I think the thing I like best about Thanksgiving is all the leftovers. While a turkey sandwich with cranberry sauce is my idea of perfection, this soup is a close second. It is a mismatch of a bunch of recipes. Please note that all quantities and ingredients are approximate. Use what you have.
- 3 carrots, peeled and diced
- 2 celery stalks, diced
- 1/2 onion, diced
- 1 stick of butter (1/2 cup)
- 1/2 cup flour
- 1 box of broth (4 cups; you could also use warm water and boullion)
- 1 cup of diced leftover turkey (I use half dark, half white meat. You could also use leftover roast chicken)
- 2 cups cooked wild rice (I use actual wild rice. You can use a boxed mix or even white or brown rice – whatever you have and like)
- 1/2 cup milk, heavy cream, or half-n-half
- poultry seasoning (light)
- pepper
- garlic powder
- onion powder
Cook 2 cups of wild rice according to package directions and set aside.
Sautee the veggies in 1 stick of butter at medium heat until soft.
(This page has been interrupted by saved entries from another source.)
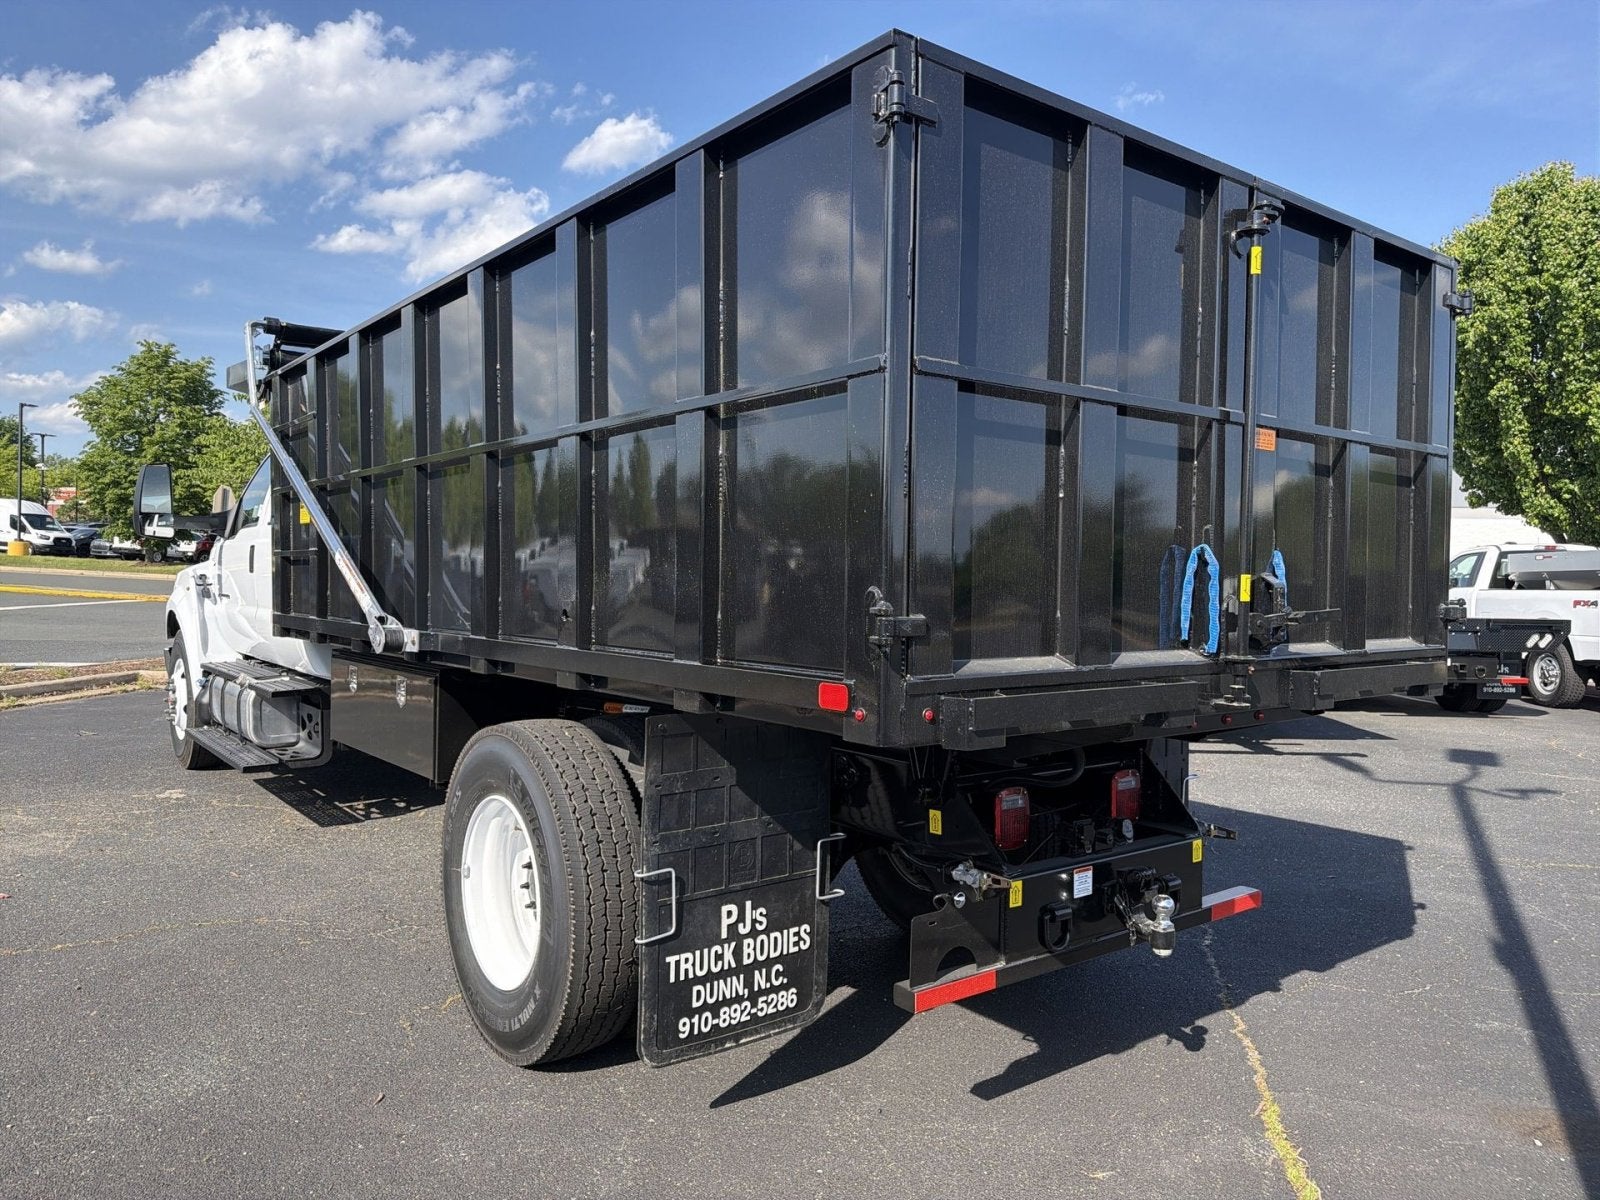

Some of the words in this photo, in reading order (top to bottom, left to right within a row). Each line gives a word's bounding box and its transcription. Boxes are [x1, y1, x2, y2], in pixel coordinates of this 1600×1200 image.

[1572, 600, 1599, 609] FX4
[665, 941, 737, 984] TRUCK
[742, 923, 811, 965] BODIES
[691, 973, 749, 1008] DUNN,
[753, 963, 789, 993] N.C.
[678, 988, 798, 1039] 910-892-5286
Sprinkle 1/2 flour on top and stir for several minutes to ‘cook’ flour – like you are making a roux. Slowly add 4 cups of broth, stirring well to avoid lumps of flour. When all broth is added, slowly bring to a boil and then reduce to a simmer. Boiling helps everything thicken.
Add seasonings to taste. Add turkey and rice. I add 1/2 cup of milk or half-n-half here, but you can skip. I like the creaminess it creates. Let everything warm through on low for about 10 minutes. Serve.